▶ _What is needed_
Give back the data below exactly as it was given.

▶ _Data_
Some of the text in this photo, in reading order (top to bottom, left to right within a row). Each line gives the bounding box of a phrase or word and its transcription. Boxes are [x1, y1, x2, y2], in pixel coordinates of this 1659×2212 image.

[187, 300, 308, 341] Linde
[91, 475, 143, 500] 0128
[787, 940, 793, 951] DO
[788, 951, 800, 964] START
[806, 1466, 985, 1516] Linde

▶ _Solution to the problem_
Some of the text in this photo, in reading order (top to bottom, left to right within a row). Each line gives the bounding box of a phrase or word and its transcription. Boxes are [x1, y1, x2, y2], in pixel coordinates of this 1659×2212 image.

[187, 300, 308, 341] Linde
[91, 475, 143, 500] 0128
[787, 940, 793, 951] DO
[788, 951, 800, 964] START
[806, 1466, 985, 1516] Linde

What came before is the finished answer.